The spotlight can be a very dangerous place for young people. Whether it’s child stars who wind up in the gutter, young performers who can’t seem to stay out of trouble, or athletes who blow all their money on mansions, boats and cars before suffering a career-ending injury, the spotlight may bring wealth and superficial happiness, but one thing it doesn’t provide is maturity.

Justin Lawrence was thrust into the spotlight at a relatively young age. The professional mixed martial artist first appeared on The Ultimate Fighter: Live reality show in March 2012 at only 21 years old. He was, by far, the youngest competitor, but he showed his skills very well. After beating WEC, Titan and RFA veteran James Krause by a first-round TKO to get into the house, he was the first pick for Dominick Cruz.

Lawrence’s time on the show had its ups and downs.

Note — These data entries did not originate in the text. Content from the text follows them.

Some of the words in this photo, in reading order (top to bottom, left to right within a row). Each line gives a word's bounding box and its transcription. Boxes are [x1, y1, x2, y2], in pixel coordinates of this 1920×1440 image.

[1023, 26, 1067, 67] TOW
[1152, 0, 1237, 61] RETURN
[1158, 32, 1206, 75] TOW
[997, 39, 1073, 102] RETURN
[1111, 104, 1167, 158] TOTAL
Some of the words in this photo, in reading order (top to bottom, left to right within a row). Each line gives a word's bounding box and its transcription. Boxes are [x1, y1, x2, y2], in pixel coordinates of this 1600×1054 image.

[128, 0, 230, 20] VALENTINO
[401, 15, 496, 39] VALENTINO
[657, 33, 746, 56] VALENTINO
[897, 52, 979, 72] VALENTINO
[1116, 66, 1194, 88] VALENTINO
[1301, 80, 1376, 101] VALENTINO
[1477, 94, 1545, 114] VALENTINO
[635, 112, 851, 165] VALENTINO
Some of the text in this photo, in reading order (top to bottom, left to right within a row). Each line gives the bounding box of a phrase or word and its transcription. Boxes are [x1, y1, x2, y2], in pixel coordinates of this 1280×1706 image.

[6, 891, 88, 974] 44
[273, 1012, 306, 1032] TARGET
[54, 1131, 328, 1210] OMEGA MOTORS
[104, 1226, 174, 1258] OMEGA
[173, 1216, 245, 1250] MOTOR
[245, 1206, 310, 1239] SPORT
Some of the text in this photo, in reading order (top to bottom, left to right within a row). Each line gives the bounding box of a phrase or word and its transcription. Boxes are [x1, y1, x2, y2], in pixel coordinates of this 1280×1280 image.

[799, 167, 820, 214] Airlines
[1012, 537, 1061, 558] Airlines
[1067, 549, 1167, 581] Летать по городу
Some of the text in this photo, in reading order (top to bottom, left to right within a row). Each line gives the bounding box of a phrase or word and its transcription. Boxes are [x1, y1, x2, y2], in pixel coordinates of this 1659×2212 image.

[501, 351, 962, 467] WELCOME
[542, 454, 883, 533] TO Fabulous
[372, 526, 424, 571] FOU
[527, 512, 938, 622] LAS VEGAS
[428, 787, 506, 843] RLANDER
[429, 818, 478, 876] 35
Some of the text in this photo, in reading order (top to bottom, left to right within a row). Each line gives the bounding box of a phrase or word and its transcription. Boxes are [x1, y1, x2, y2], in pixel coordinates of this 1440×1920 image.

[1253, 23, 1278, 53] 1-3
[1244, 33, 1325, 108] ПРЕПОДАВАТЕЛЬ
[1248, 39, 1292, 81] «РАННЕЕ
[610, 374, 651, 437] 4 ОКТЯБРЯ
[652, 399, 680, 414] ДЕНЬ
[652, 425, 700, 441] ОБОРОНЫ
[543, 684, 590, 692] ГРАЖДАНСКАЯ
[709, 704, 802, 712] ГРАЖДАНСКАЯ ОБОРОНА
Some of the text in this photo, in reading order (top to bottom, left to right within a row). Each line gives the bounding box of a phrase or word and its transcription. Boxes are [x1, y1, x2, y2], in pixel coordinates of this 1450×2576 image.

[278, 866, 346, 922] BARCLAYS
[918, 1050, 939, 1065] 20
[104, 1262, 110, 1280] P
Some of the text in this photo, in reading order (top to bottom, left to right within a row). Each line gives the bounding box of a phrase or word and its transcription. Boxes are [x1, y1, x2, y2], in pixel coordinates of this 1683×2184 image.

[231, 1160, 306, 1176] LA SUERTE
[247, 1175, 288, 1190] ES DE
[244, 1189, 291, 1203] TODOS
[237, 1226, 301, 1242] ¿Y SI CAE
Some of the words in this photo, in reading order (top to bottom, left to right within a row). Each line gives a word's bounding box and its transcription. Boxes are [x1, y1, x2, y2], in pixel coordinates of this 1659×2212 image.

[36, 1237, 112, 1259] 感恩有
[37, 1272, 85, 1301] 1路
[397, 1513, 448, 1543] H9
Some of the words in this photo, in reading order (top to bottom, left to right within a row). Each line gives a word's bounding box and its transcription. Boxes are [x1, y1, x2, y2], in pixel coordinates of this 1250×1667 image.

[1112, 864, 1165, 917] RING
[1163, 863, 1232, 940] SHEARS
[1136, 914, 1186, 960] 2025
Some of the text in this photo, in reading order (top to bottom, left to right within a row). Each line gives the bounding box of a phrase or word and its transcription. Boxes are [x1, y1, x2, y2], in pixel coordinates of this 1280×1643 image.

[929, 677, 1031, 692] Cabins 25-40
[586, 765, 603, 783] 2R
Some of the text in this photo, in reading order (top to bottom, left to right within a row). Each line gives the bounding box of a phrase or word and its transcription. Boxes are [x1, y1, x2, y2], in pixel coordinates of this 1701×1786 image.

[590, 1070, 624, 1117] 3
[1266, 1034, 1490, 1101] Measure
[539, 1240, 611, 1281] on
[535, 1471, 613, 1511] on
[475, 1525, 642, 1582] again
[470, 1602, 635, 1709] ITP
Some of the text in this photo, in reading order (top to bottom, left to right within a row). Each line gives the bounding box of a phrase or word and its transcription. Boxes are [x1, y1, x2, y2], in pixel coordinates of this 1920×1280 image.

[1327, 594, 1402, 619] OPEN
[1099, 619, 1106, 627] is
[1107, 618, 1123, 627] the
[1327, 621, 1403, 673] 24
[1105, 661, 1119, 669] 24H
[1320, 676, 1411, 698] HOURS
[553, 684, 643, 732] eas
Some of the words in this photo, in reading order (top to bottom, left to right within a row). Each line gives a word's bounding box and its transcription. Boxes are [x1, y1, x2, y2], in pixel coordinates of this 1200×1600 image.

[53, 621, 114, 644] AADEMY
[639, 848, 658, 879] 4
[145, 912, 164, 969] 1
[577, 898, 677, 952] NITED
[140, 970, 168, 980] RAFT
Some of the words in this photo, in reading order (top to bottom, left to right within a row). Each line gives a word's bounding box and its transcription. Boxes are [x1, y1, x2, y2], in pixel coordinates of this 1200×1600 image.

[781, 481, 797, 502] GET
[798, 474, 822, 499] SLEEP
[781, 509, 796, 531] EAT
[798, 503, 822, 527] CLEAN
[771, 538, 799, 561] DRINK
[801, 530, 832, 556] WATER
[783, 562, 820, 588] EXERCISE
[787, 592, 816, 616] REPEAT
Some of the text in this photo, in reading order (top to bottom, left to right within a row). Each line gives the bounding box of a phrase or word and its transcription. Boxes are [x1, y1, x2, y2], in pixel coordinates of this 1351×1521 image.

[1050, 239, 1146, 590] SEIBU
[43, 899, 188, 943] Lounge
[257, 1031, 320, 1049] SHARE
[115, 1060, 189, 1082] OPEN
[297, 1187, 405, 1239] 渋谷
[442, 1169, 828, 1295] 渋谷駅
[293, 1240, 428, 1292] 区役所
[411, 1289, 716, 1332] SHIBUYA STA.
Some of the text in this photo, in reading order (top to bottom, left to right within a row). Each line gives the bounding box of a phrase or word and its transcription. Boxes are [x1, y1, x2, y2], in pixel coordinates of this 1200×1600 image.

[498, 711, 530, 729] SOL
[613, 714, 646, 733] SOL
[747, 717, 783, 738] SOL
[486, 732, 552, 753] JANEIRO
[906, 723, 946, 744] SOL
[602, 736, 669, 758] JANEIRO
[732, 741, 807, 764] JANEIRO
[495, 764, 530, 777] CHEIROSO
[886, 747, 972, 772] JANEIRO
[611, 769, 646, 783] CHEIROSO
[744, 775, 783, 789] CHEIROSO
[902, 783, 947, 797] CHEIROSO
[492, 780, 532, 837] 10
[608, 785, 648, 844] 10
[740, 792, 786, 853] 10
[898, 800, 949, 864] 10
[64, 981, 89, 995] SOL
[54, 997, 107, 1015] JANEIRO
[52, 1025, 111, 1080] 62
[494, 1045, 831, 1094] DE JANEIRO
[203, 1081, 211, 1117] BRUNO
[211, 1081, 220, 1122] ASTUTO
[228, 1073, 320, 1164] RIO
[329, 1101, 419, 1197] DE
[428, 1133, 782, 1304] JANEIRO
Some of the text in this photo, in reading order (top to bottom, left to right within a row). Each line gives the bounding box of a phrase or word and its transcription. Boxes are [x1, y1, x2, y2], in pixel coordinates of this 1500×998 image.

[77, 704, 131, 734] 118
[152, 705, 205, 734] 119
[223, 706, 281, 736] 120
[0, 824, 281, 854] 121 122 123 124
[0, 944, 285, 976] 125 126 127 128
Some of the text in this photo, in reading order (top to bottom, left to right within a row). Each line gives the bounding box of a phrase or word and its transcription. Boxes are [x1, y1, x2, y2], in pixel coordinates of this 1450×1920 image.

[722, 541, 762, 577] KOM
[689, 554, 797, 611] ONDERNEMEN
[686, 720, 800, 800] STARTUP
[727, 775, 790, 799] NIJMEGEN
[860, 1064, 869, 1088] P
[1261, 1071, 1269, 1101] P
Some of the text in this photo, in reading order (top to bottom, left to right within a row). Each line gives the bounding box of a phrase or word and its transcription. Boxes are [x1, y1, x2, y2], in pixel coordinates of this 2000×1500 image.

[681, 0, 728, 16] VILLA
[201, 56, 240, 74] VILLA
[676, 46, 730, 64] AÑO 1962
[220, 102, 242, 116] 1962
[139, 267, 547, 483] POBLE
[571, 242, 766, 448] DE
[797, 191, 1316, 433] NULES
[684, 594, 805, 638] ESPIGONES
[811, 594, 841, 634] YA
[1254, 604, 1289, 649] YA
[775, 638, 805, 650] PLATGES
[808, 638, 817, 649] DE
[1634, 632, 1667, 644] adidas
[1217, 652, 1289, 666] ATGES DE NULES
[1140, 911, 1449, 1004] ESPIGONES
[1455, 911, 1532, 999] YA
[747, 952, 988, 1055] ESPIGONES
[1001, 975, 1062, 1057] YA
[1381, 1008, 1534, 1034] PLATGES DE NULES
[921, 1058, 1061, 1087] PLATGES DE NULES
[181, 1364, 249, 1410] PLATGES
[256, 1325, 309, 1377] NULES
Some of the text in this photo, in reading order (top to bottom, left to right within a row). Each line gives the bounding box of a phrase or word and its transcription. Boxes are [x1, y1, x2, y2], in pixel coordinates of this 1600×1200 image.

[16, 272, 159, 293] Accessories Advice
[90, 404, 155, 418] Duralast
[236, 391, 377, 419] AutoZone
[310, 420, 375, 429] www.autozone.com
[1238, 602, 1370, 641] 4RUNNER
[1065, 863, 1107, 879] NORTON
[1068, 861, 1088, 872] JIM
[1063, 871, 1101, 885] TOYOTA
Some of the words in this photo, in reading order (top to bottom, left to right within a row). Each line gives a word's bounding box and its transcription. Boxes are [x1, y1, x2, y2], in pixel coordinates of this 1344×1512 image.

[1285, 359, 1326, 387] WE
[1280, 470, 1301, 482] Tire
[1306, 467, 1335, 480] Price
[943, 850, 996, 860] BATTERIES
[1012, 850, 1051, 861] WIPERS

He showed tremendous skills, especially after he won his fight against Cristiano Marcello with a second-round knockout. However, there were times in practice when he showed some immaturity, especially in episode six, when he was paired with Mike Rio and was throwing some dangerous spinning kicks after being asked not to. Through good times and bad, Lawrence made an overall great showing from a skills perspective, but the limelight was definitely hanging over his head.

In the last three years, the Missouri native, who is now 25, has made great strides in his career. After entering the show with a 3-0 pro record, he was released from the UFC a year later with a 4-2 mark with his two losses coming in back-to-back fights. Lawrence’s UFC release led to a three-fight run in the Resurrection Fighting Alliance. During that time, he improved many aspects of his game, including his ability to deal with the spotlight.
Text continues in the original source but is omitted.